## What is needed
What is needed is an exact transcription of every entry below, with the pictures left out.

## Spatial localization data
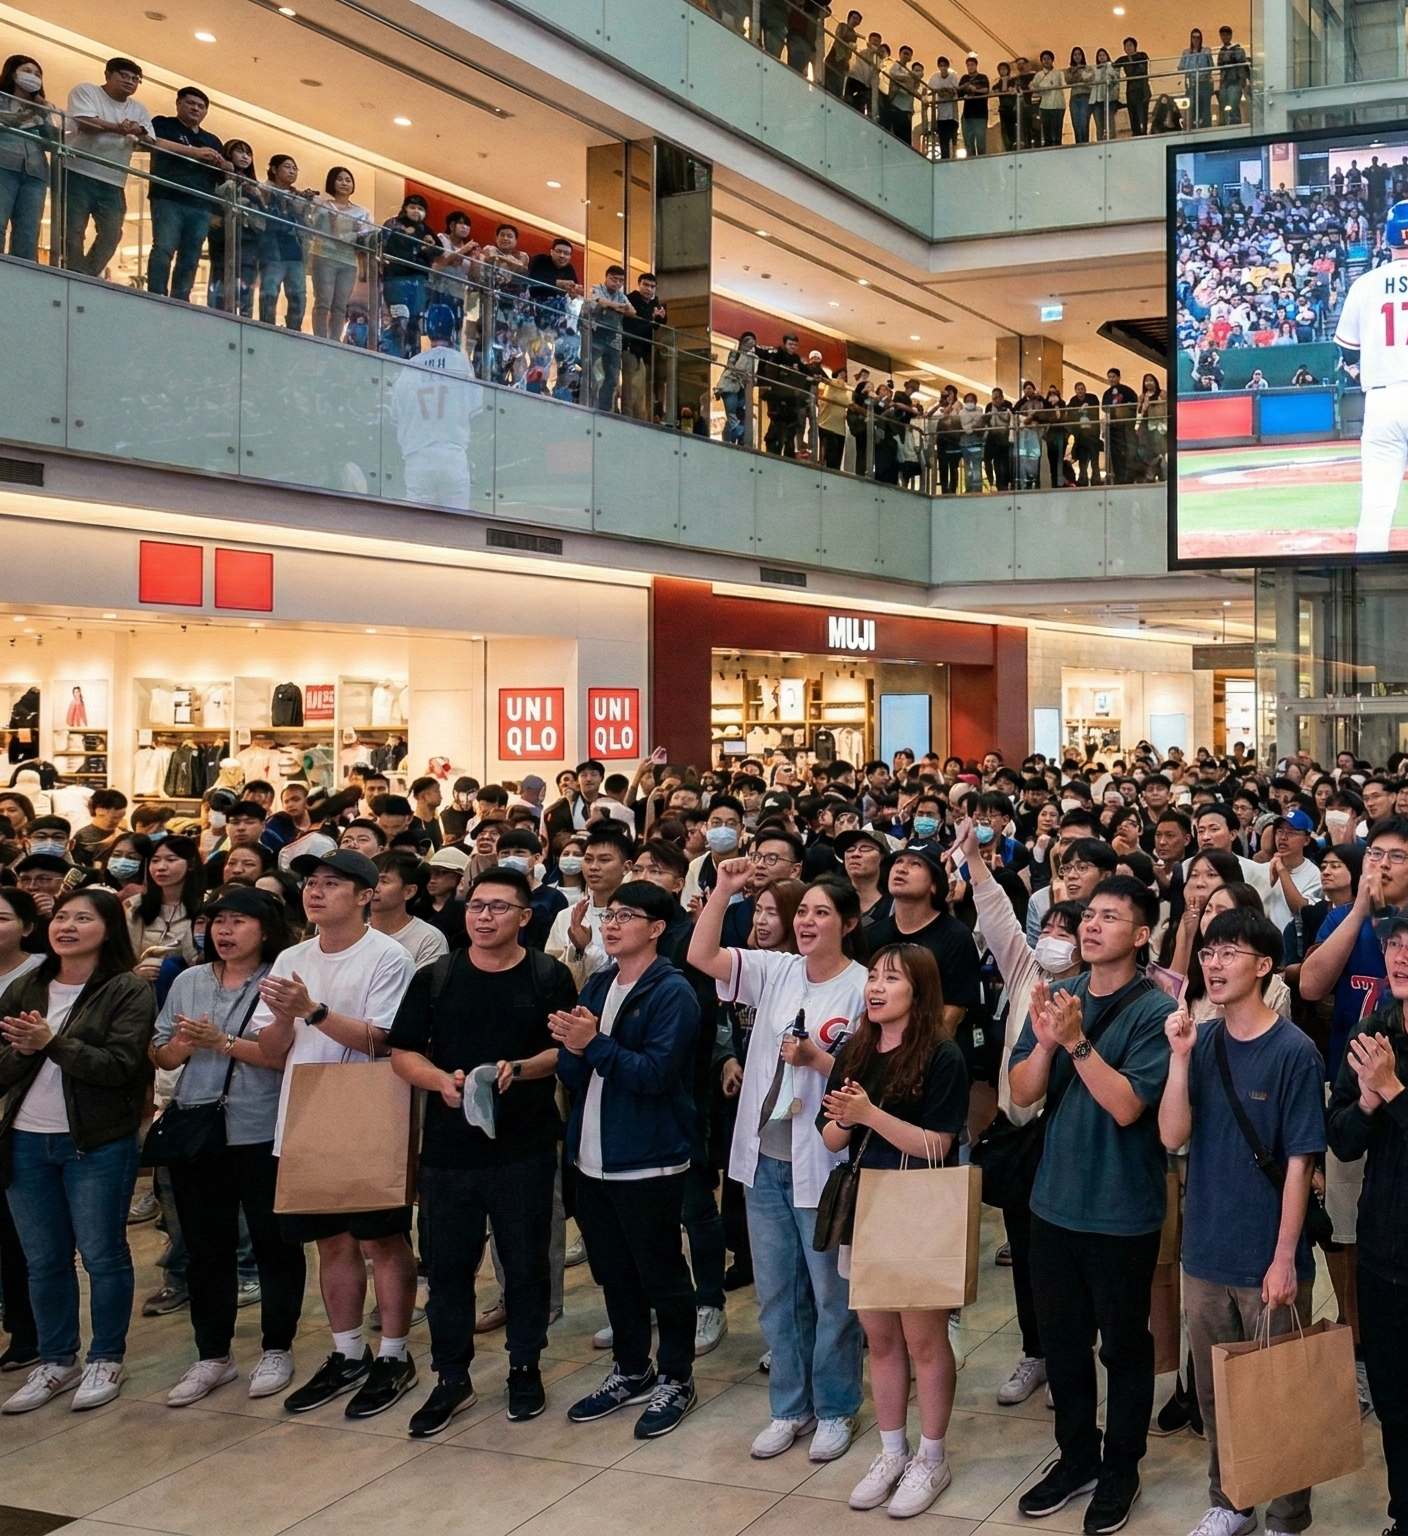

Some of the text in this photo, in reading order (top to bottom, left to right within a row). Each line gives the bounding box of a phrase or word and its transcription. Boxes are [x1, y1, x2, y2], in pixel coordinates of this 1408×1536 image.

[828, 615, 876, 651] MUJI
[506, 696, 552, 722] UNI
[594, 697, 630, 721] UNI
[506, 726, 557, 756] QLO
[594, 726, 633, 755] QLO
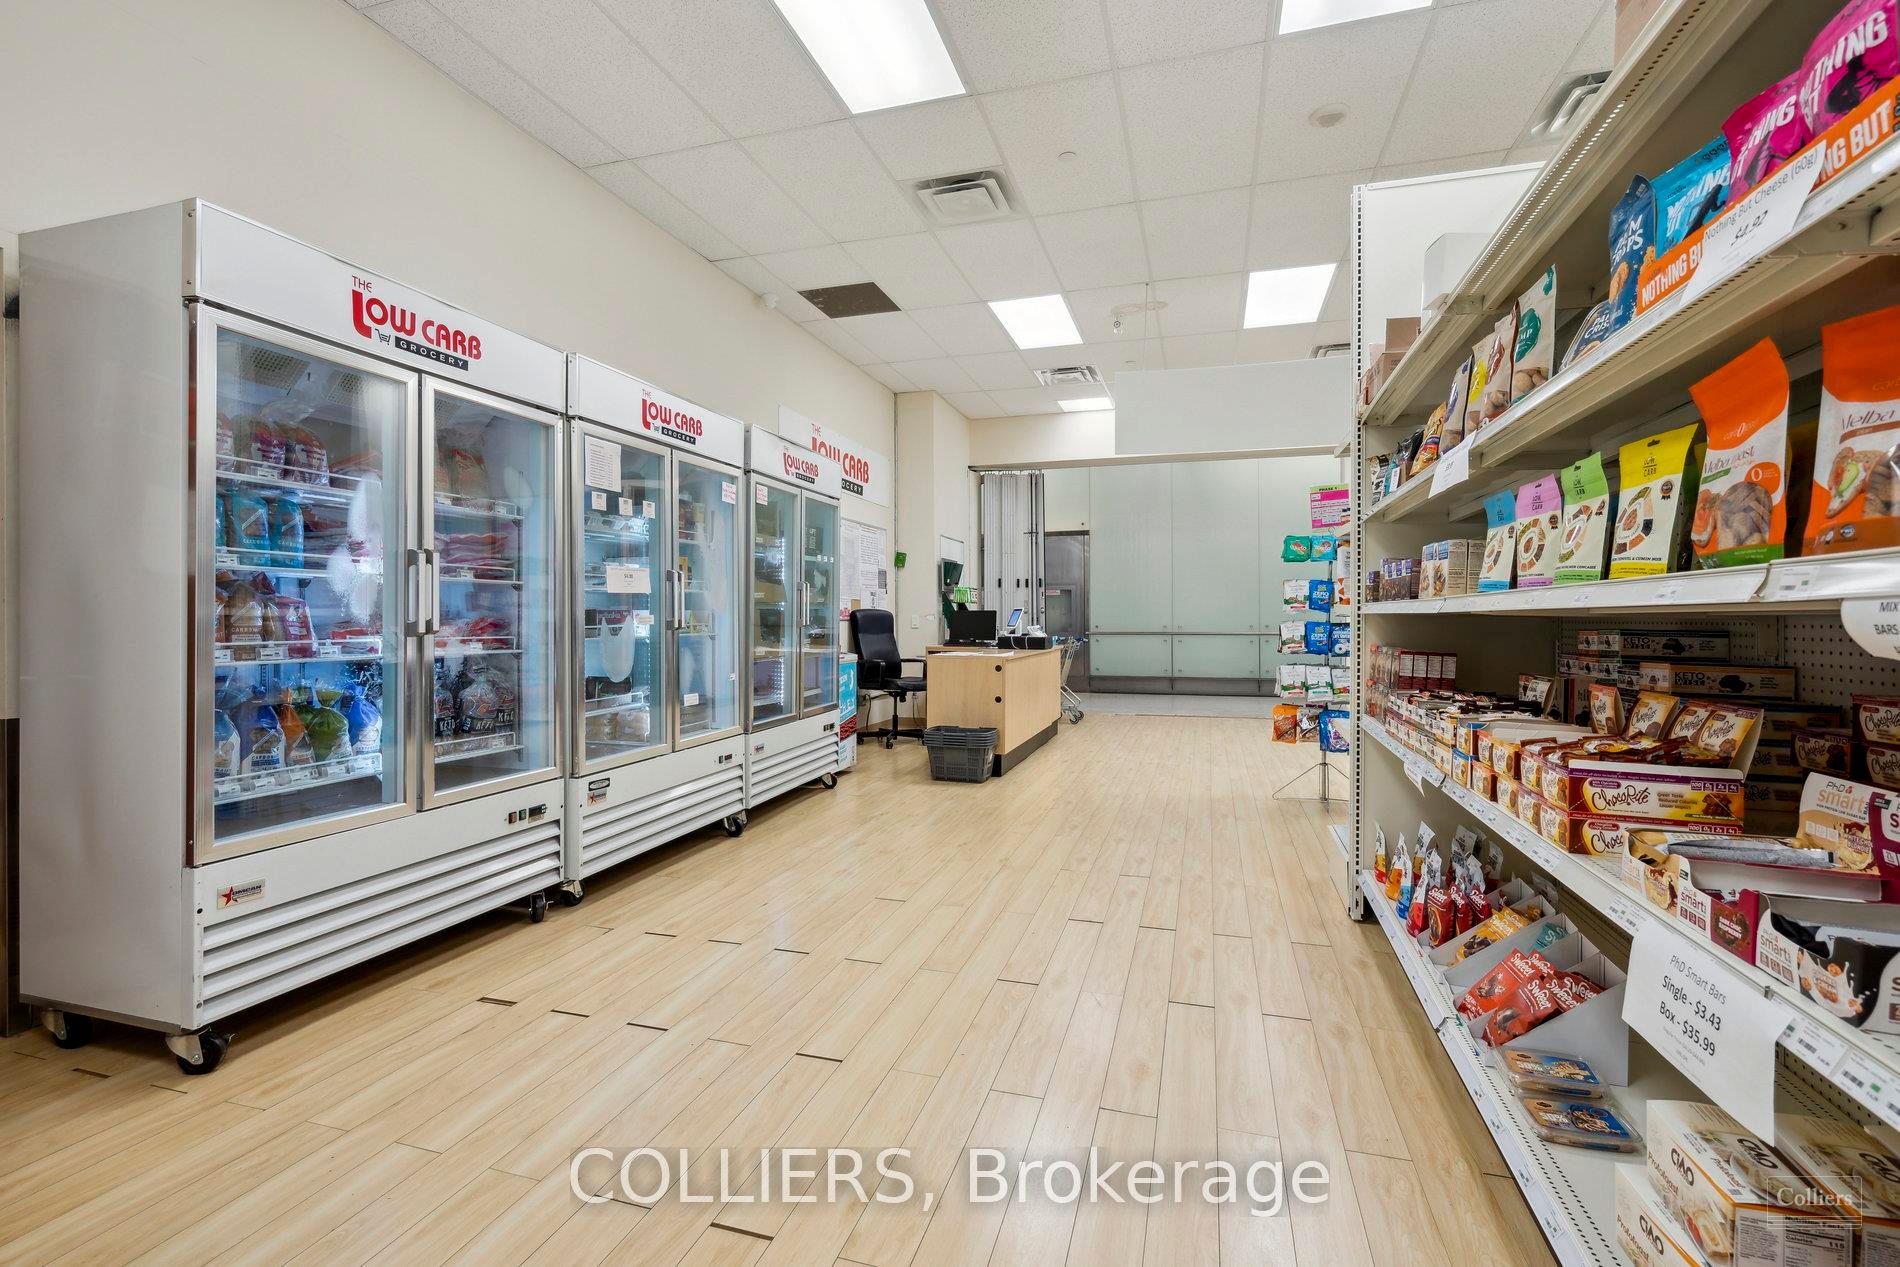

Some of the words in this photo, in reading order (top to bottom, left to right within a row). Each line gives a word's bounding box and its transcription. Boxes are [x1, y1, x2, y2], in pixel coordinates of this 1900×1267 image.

[1850, 99, 1891, 157] BUT
[1705, 211, 1736, 241] Nothing
[1738, 199, 1753, 218] But
[1754, 172, 1789, 205] Cheese
[352, 275, 373, 293] THE
[1642, 253, 1688, 307] NOTHING
[352, 289, 416, 339] LOW
[422, 319, 482, 360] CARB
[400, 340, 464, 367] GROCERY
[642, 398, 672, 430] LOW
[674, 412, 703, 437] CARB
[663, 428, 694, 442] GROCERY
[783, 452, 801, 476] LOW
[801, 460, 819, 478] CARB
[842, 452, 869, 484] CARB
[1873, 624, 1900, 635] BARS
[1674, 672, 1705, 680] KETO
[1592, 784, 1651, 811] ChocoRite
[1826, 781, 1846, 793] PhD
[1818, 789, 1865, 814] smart
[1681, 891, 1705, 913] smart
[1760, 935, 1789, 962] smart
[1511, 953, 1535, 977] Sweet
[1670, 955, 1686, 972] PhD
[1685, 966, 1708, 990] Smart
[1708, 983, 1727, 1005] Bars
[1528, 980, 1552, 1010] Sweet
[1662, 975, 1688, 1004] Single
[1694, 999, 1722, 1031] $3.43
[1659, 1001, 1675, 1024] Box
[1682, 1020, 1716, 1057] $35.99
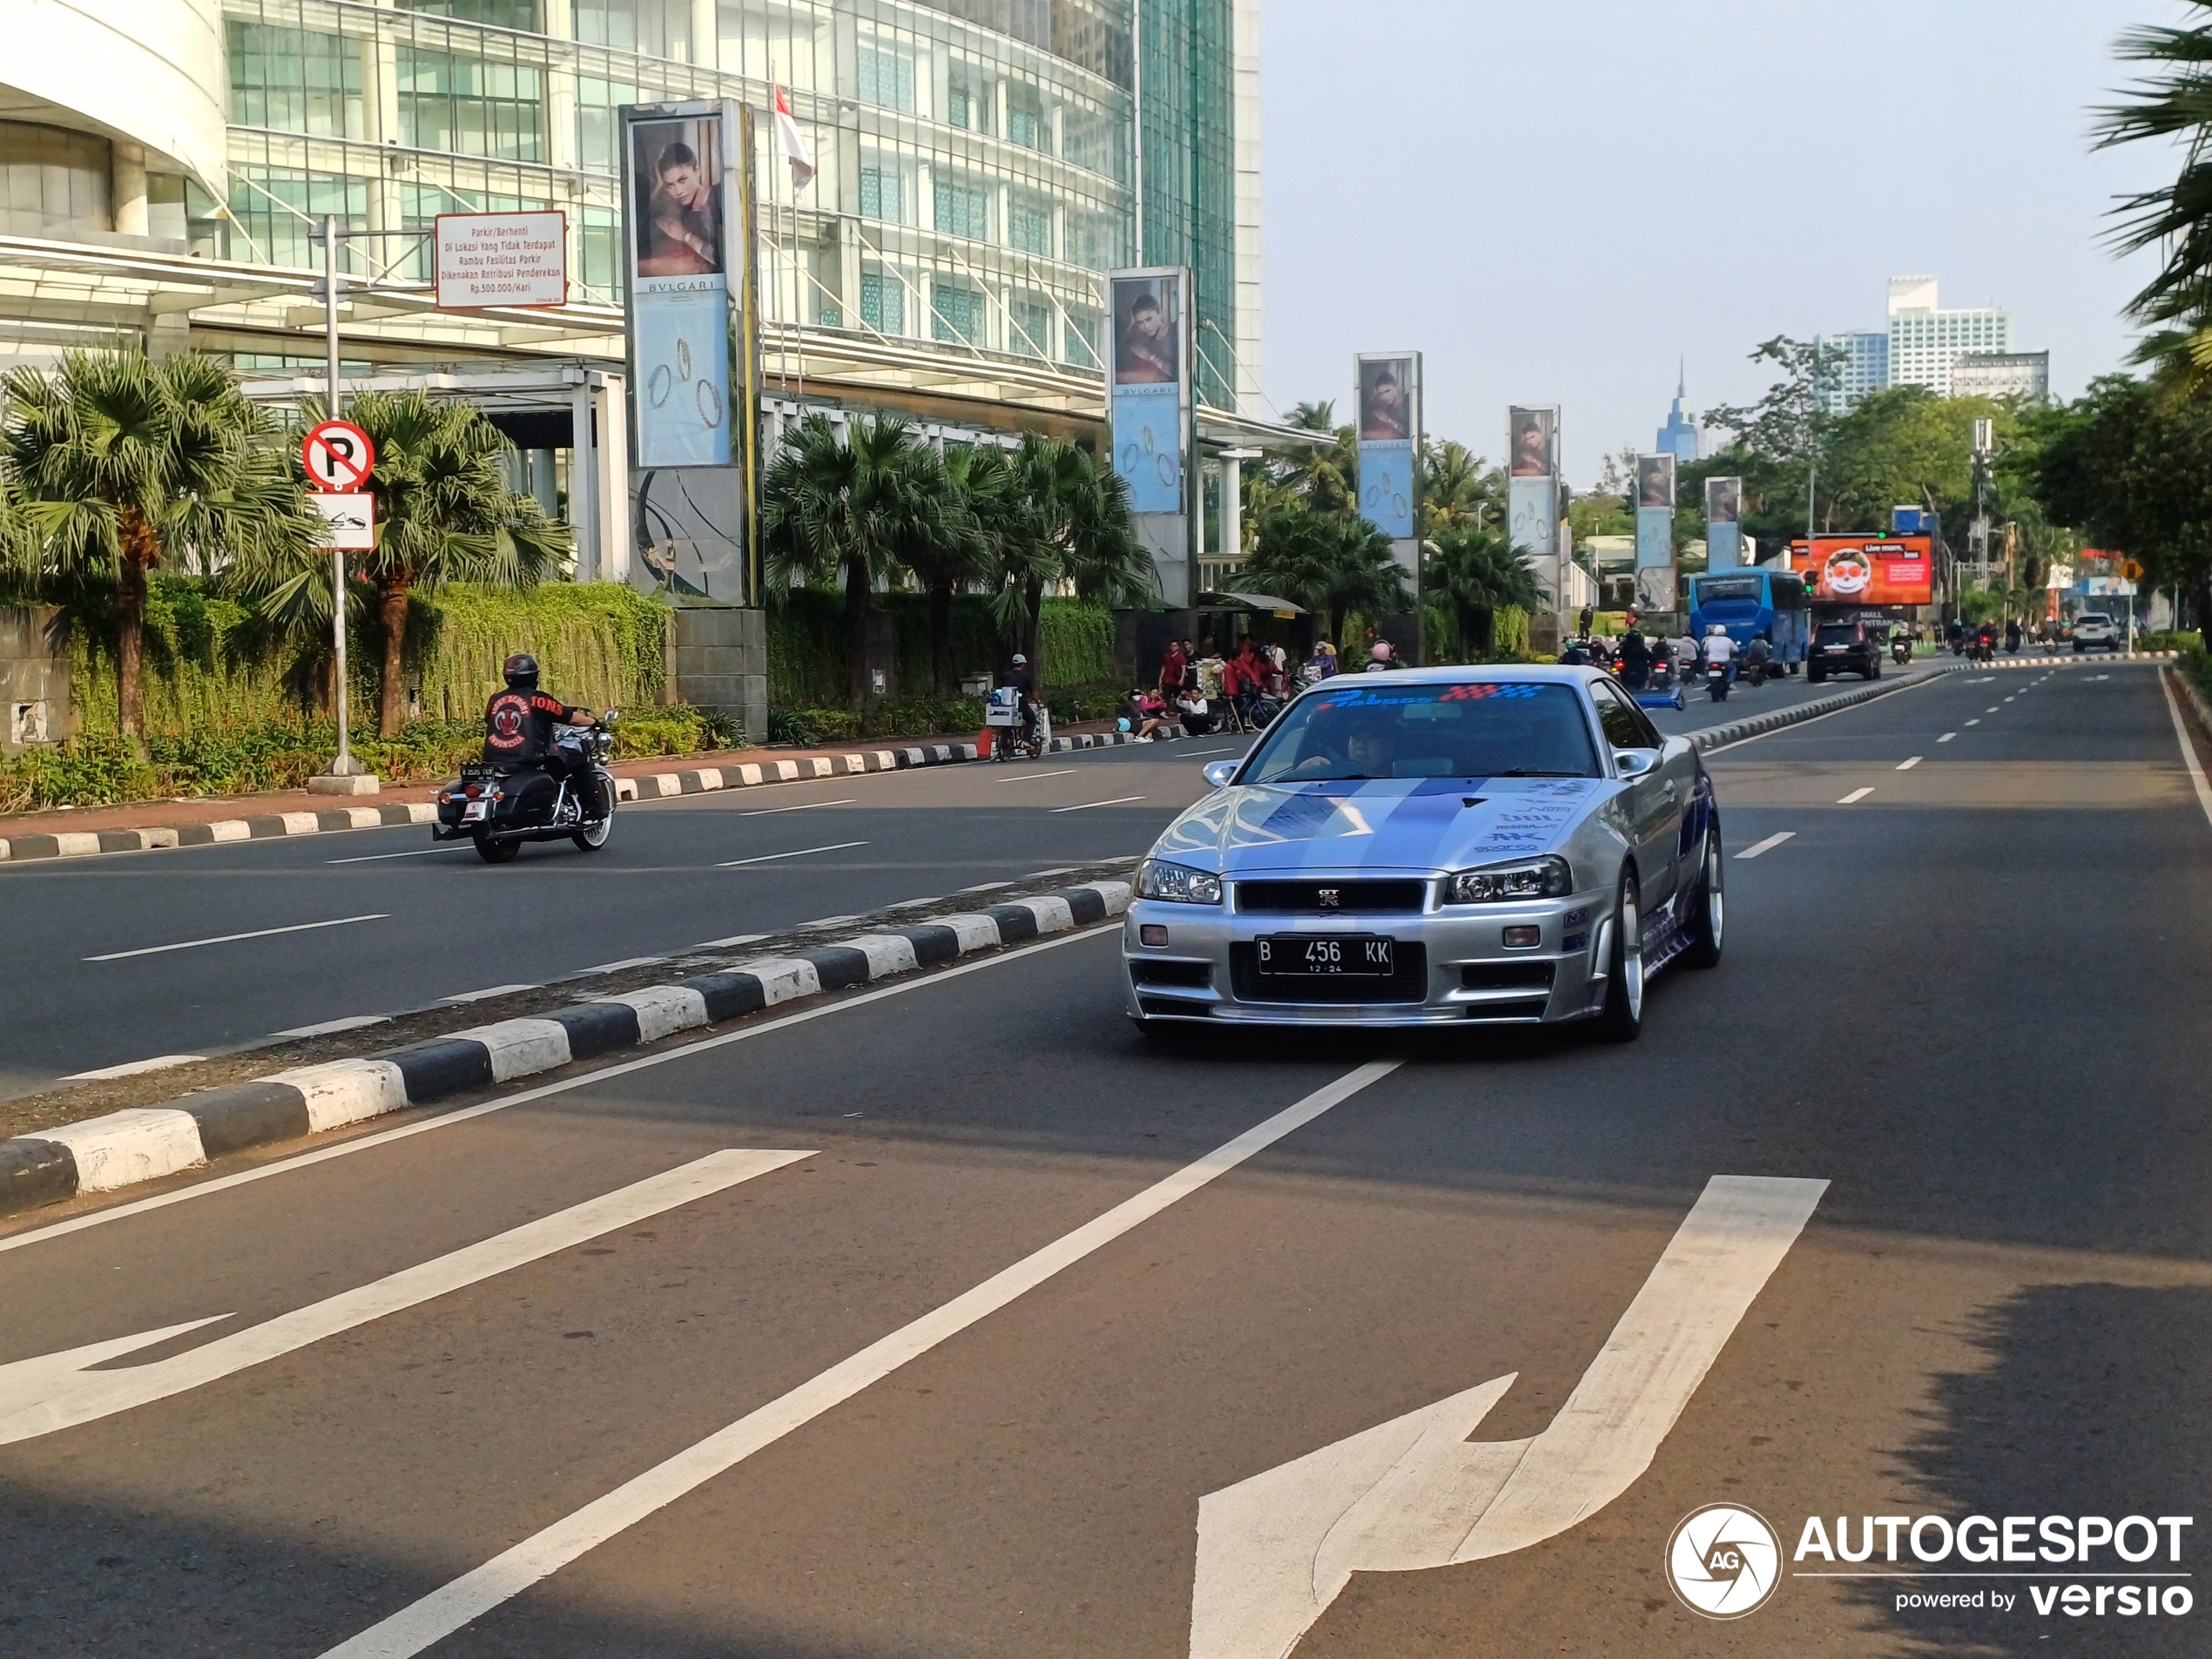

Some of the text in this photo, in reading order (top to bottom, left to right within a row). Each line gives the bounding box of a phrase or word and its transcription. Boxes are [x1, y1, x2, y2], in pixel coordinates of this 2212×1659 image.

## Result of this task
Some of the text in this photo, in reading order (top to bottom, left to right within a row). Each line gives the bounding box of a phrase or word and its transcription. Boxes are [x1, y1, x2, y2], in pixel coordinates of this 1408×1536 image.

[828, 615, 876, 651] MUJI
[506, 696, 552, 722] UNI
[594, 697, 630, 721] UNI
[506, 726, 557, 756] QLO
[594, 726, 633, 755] QLO

Some of the words in this photo, in reading order (top to bottom, left to right within a row). Each line gives a word's bounding box and its transcription. Boxes are [x1, y1, x2, y2], in pixel coordinates of this 1900×1267 image.

[1850, 99, 1891, 157] BUT
[1705, 211, 1736, 241] Nothing
[1738, 199, 1753, 218] But
[1754, 172, 1789, 205] Cheese
[352, 275, 373, 293] THE
[1642, 253, 1688, 307] NOTHING
[352, 289, 416, 339] LOW
[422, 319, 482, 360] CARB
[400, 340, 464, 367] GROCERY
[642, 398, 672, 430] LOW
[674, 412, 703, 437] CARB
[663, 428, 694, 442] GROCERY
[783, 452, 801, 476] LOW
[801, 460, 819, 478] CARB
[842, 452, 869, 484] CARB
[1873, 624, 1900, 635] BARS
[1674, 672, 1705, 680] KETO
[1592, 784, 1651, 811] ChocoRite
[1826, 781, 1846, 793] PhD
[1818, 789, 1865, 814] smart
[1681, 891, 1705, 913] smart
[1760, 935, 1789, 962] smart
[1511, 953, 1535, 977] Sweet
[1670, 955, 1686, 972] PhD
[1685, 966, 1708, 990] Smart
[1708, 983, 1727, 1005] Bars
[1528, 980, 1552, 1010] Sweet
[1662, 975, 1688, 1004] Single
[1694, 999, 1722, 1031] $3.43
[1659, 1001, 1675, 1024] Box
[1682, 1020, 1716, 1057] $35.99

Some of the text in this photo, in reading order (top to bottom, left to right within a row). Each line gives the bounding box of a phrase or word and its transcription. Boxes are [x1, y1, x2, y2], in pixel coordinates of this 2212×1659 image.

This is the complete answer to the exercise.